Despite the tumor-shrinking medical miracle that has bought her a few years, Hazel has never been anything but terminal, her final chapter inscribed upon diagnosis. But when a gorgeous plot twist named Augustus Waters suddenly appears at Cancer Kid Support Group, Hazel’s story is about to be completely rewritten.
Insightful, bold, irreverent, and raw, The Fault in Our Stars is award-winning author John Green’s most ambitious and heartbreaking work yet, brilliantly exploring the funny, thrilling, and tragic business of being alive and in love.
The book is funny, sad and poignant at the same time. That said, the characters are… for want of a better word, grating. Teenagers, even those who are faced with their own mortality from a very young age, seem to be wise far beyond their years. It has an unnatural, contrived quality about it.

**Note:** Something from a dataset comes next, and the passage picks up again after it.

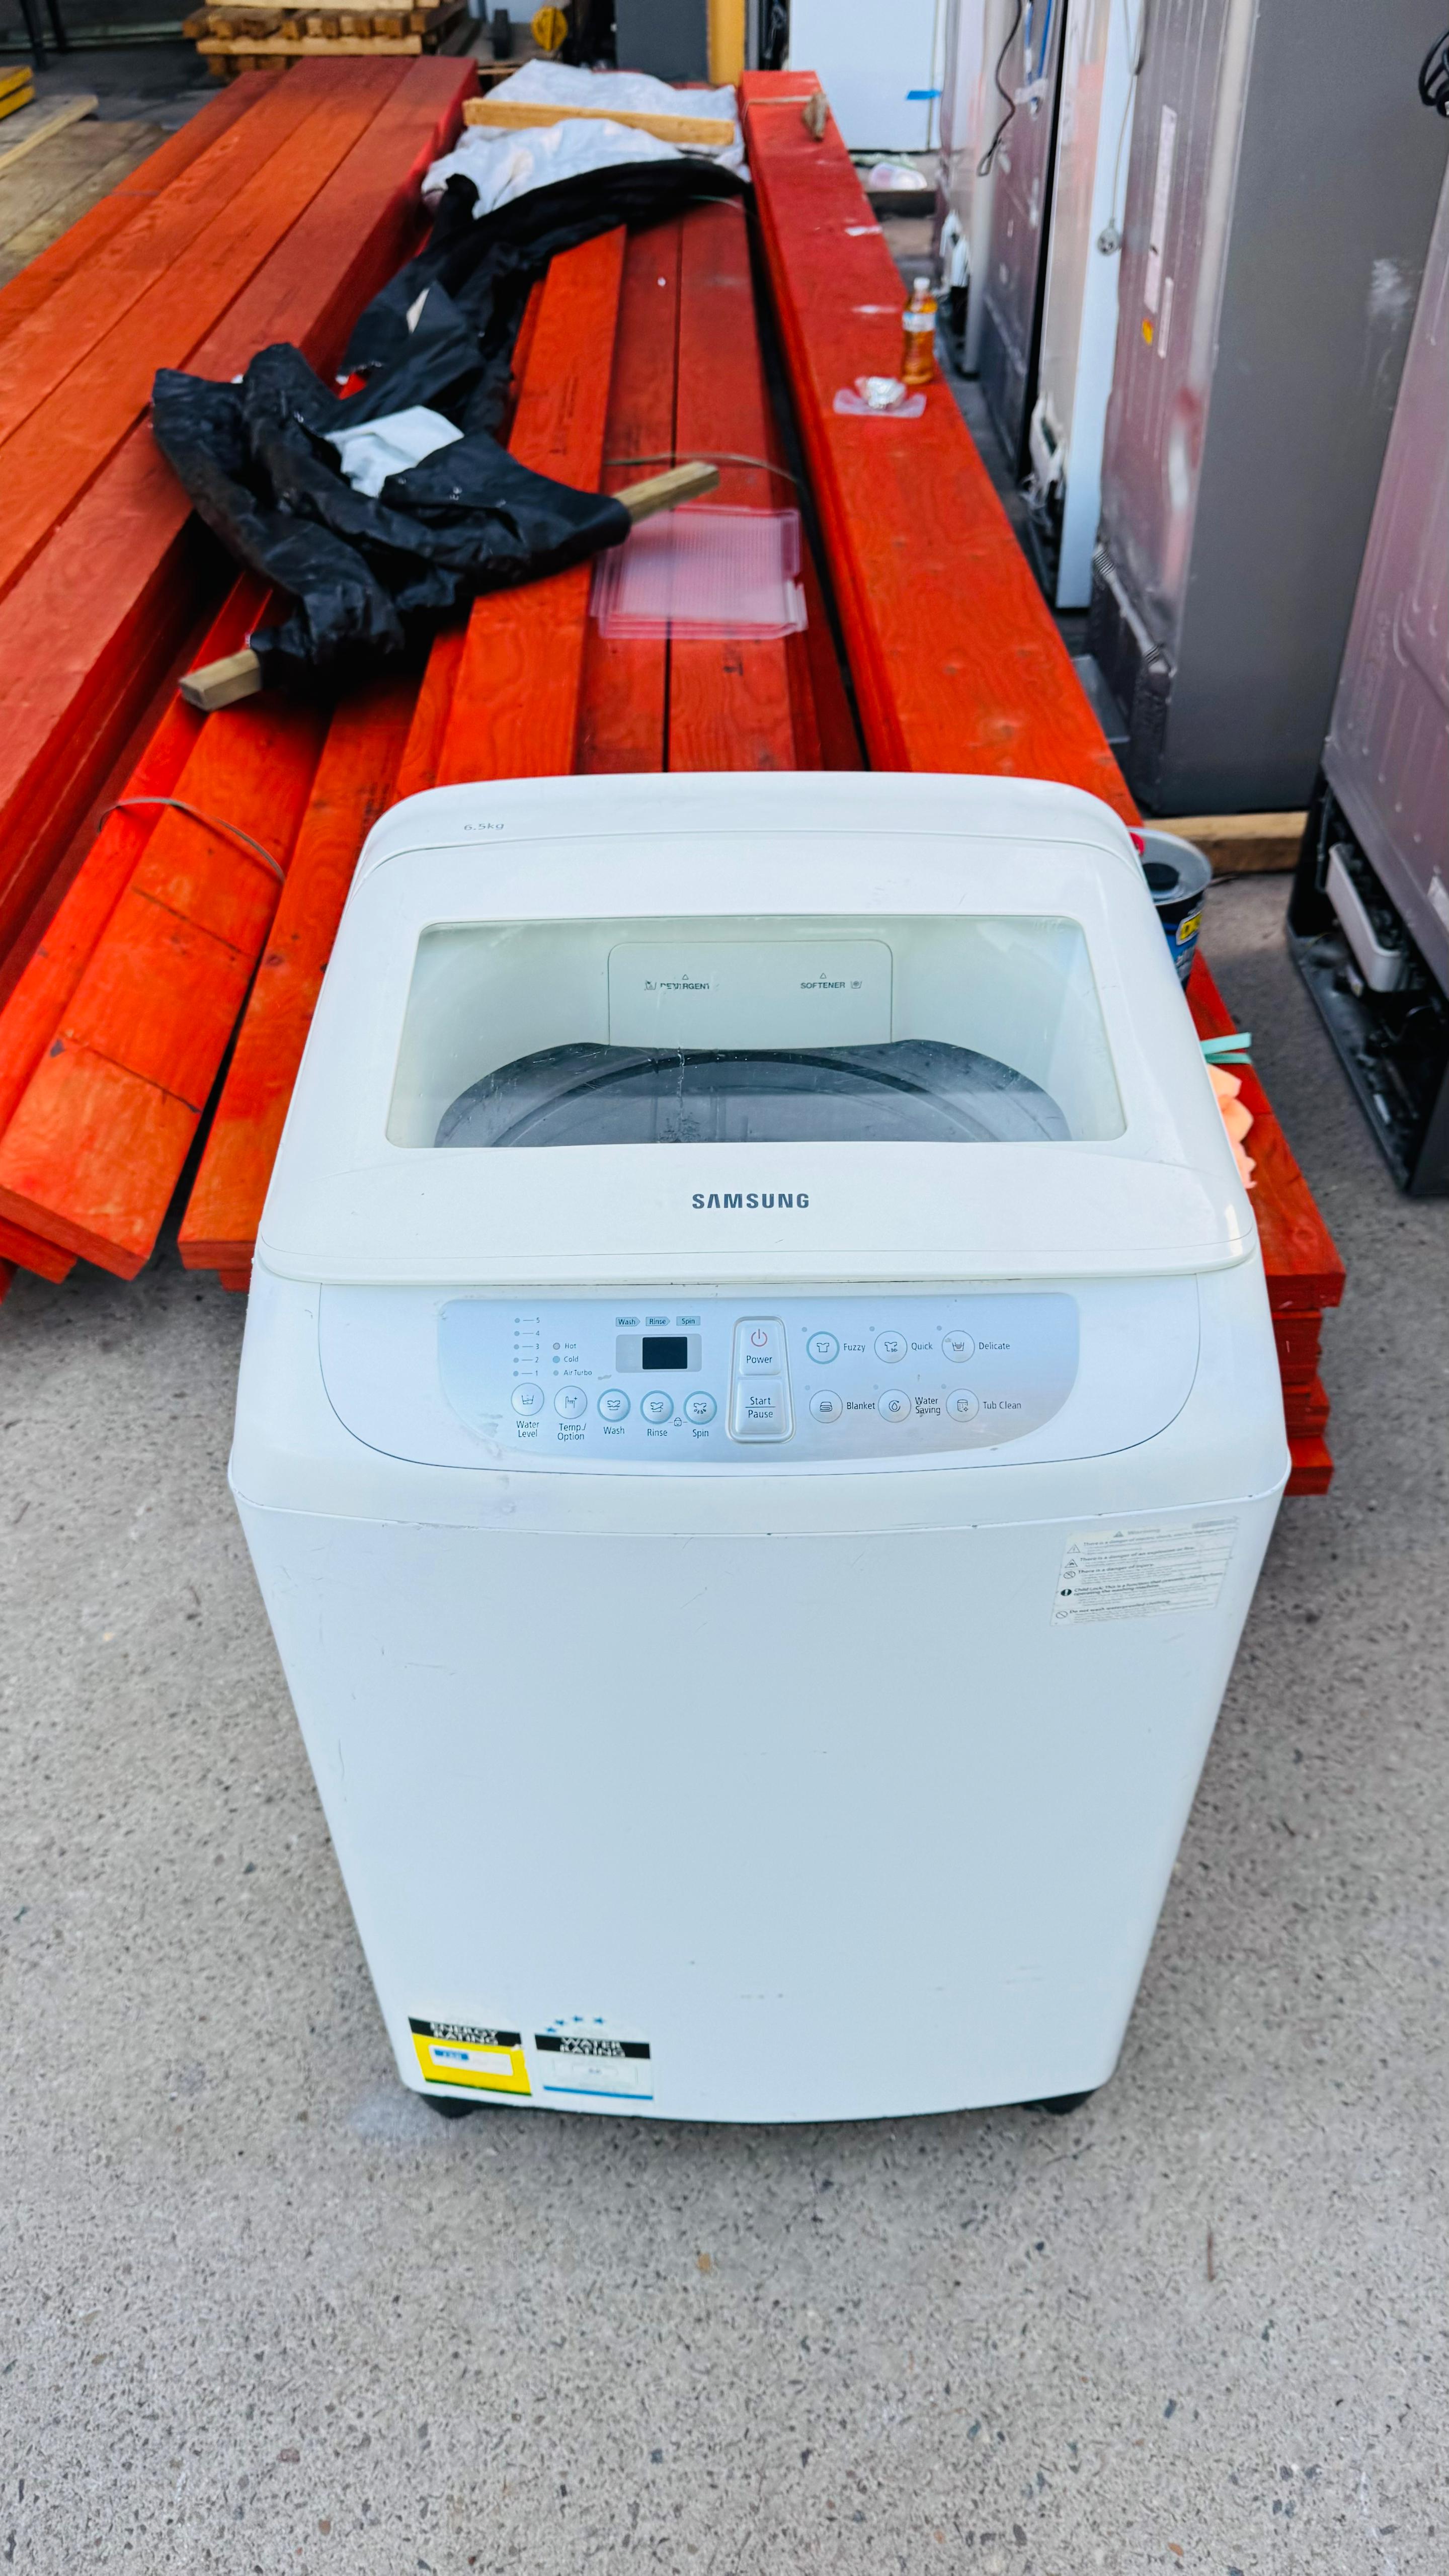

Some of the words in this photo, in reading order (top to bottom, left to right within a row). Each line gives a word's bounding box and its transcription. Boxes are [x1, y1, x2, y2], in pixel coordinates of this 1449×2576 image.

I want to draw a parallel to The Diary of Anne Frank. The Anne Frank Huis in Amsterdam plays a key role in this books plot. Anne’s diary is written by a teen too, who also is forced to confront the mortality of herself and her entire community at a young age. But through her writing, she still remains a child, evinced by her ideas and her petulance, and the feeling that the adults just don’t treat her thoughts with the gravity they should be.
I would like to say I enjoyed the book, but I am not sure I did.